▶ [Your task] Once the pictures are set aside, reproduce all of the records exactly.

··········

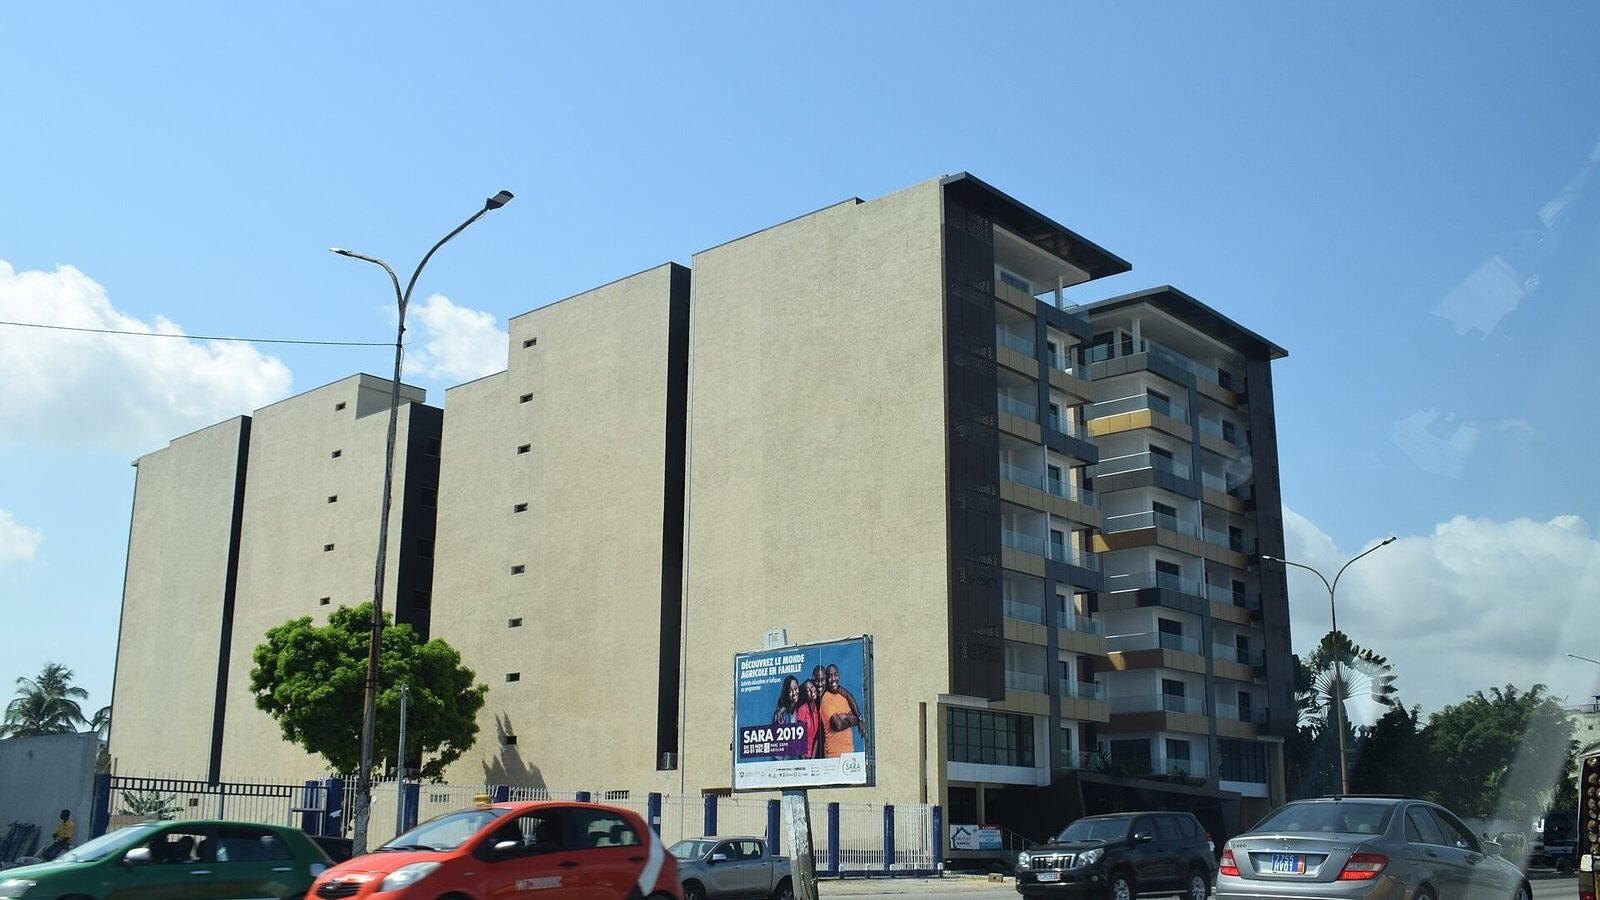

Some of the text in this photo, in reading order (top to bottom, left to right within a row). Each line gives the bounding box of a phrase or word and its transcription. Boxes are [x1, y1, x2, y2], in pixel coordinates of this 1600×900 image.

[741, 654, 804, 670] DÉCOUVREZ LE MONDE
[741, 663, 802, 679] AGRICOLE EN FAMILLE
[743, 726, 804, 744] SARA 2019
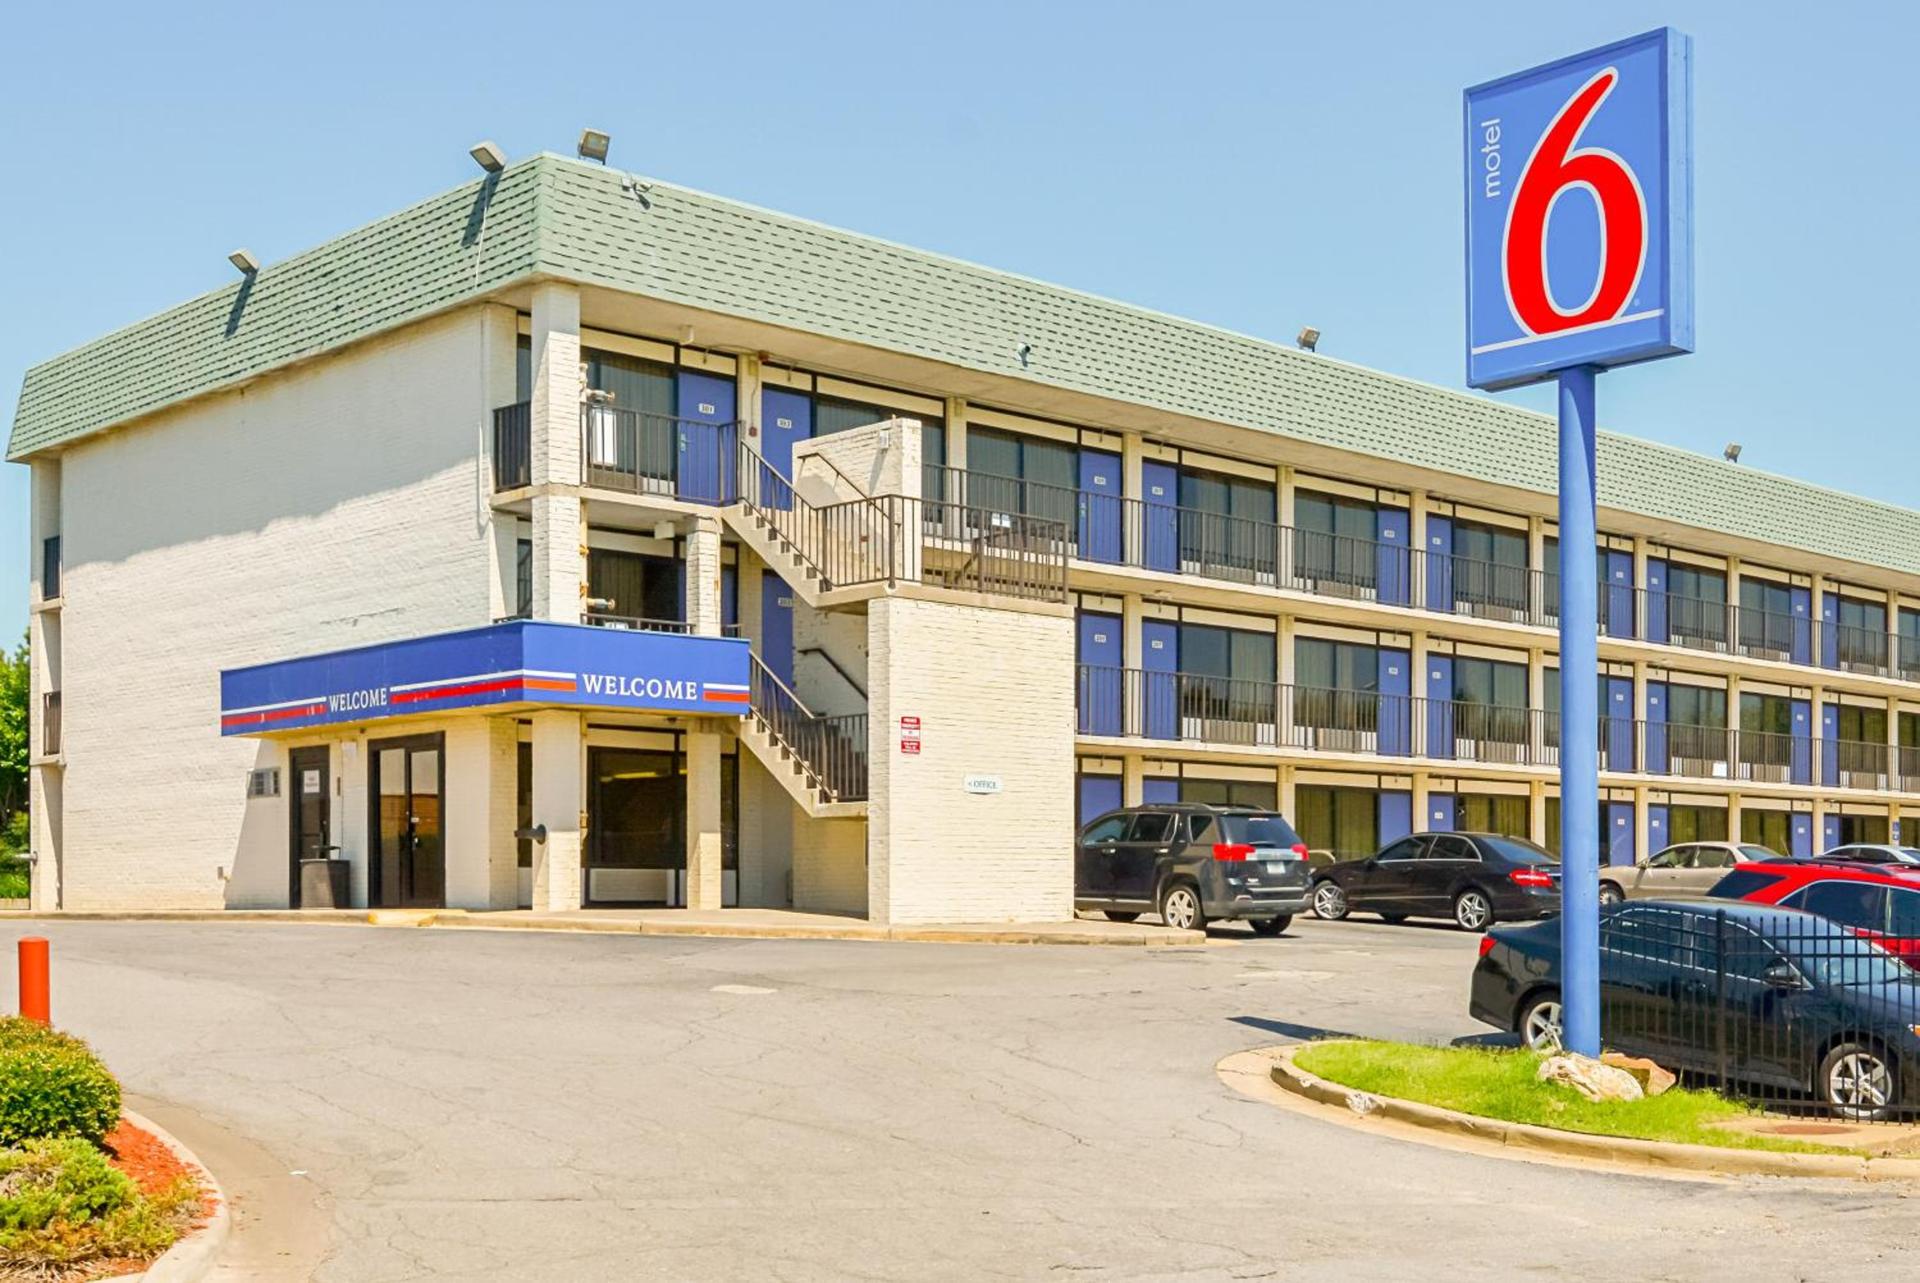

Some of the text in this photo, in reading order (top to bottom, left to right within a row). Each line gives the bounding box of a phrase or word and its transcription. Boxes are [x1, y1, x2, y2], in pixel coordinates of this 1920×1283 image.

[1481, 118, 1501, 198] motel
[1502, 66, 1648, 338] 6
[328, 687, 387, 712] WELCOME
[582, 673, 698, 700] WELCOME
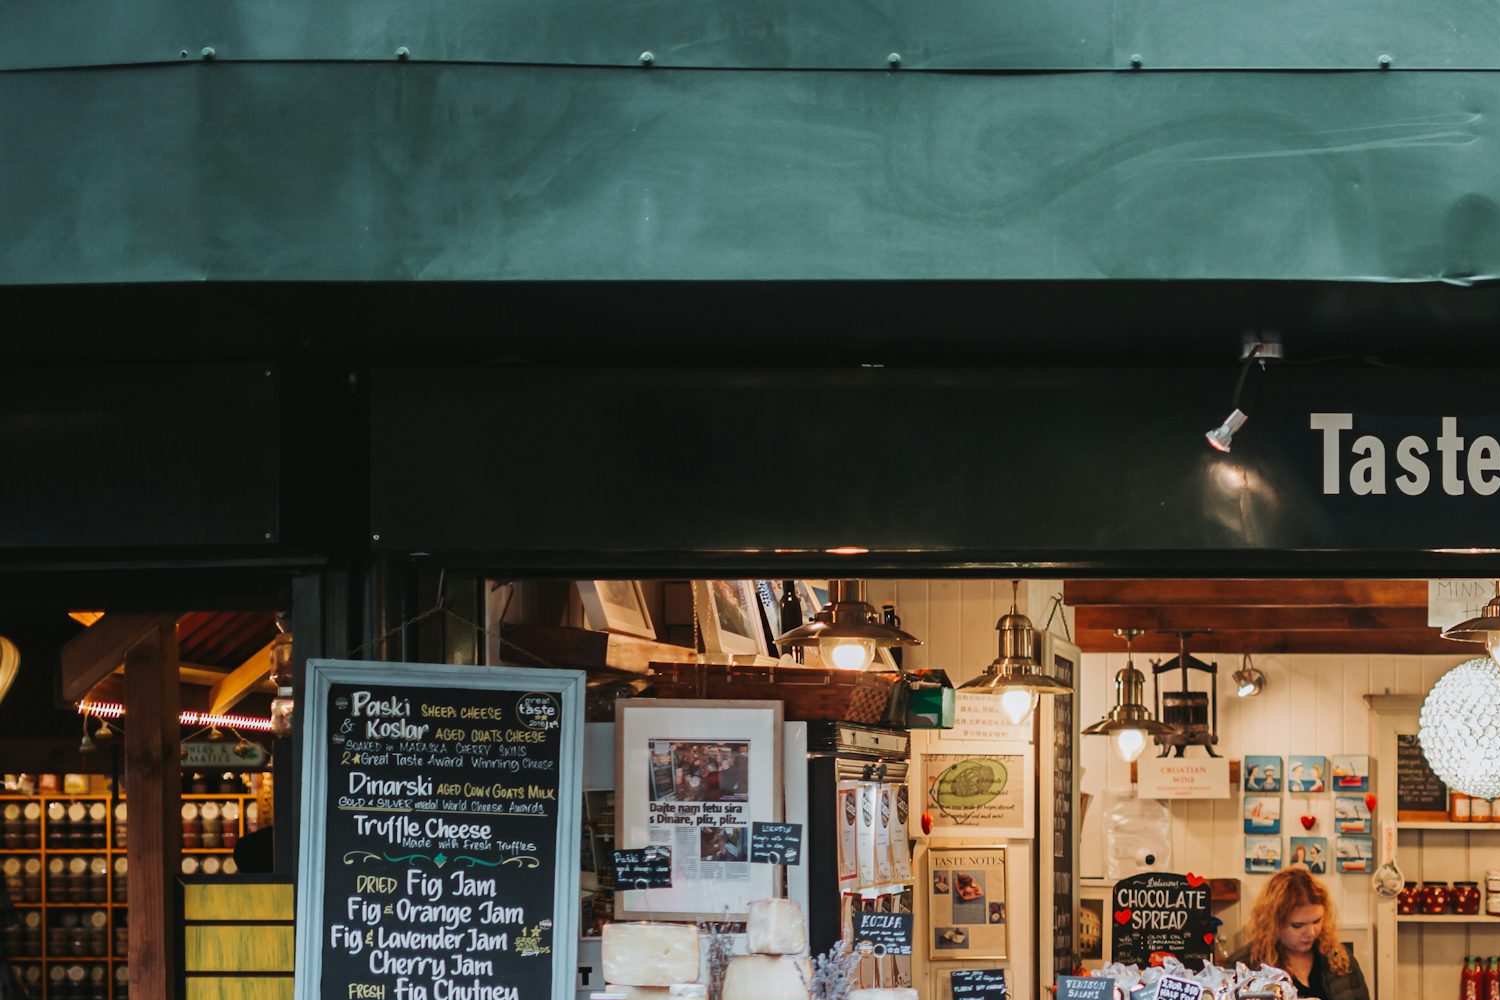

··········

▶ [Solution to this exercise]
Some of the text in this photo, in reading order (top to bottom, left to right within a row). Each line gives the bounding box of a phrase or word and its transcription. Boxes are [x1, y1, x2, y2], in pixel coordinates of this 1600×900 image.

[741, 654, 804, 670] DÉCOUVREZ LE MONDE
[741, 663, 802, 679] AGRICOLE EN FAMILLE
[743, 726, 804, 744] SARA 2019

Some of the text in this photo, in reading order (top to bottom, left to right within a row). Each line gives the bounding box of a phrase or word and its transcription. Boxes are [x1, y1, x2, y2], in pixel coordinates of this 1920×1283 image.

[1481, 118, 1501, 198] motel
[1502, 66, 1648, 338] 6
[328, 687, 387, 712] WELCOME
[582, 673, 698, 700] WELCOME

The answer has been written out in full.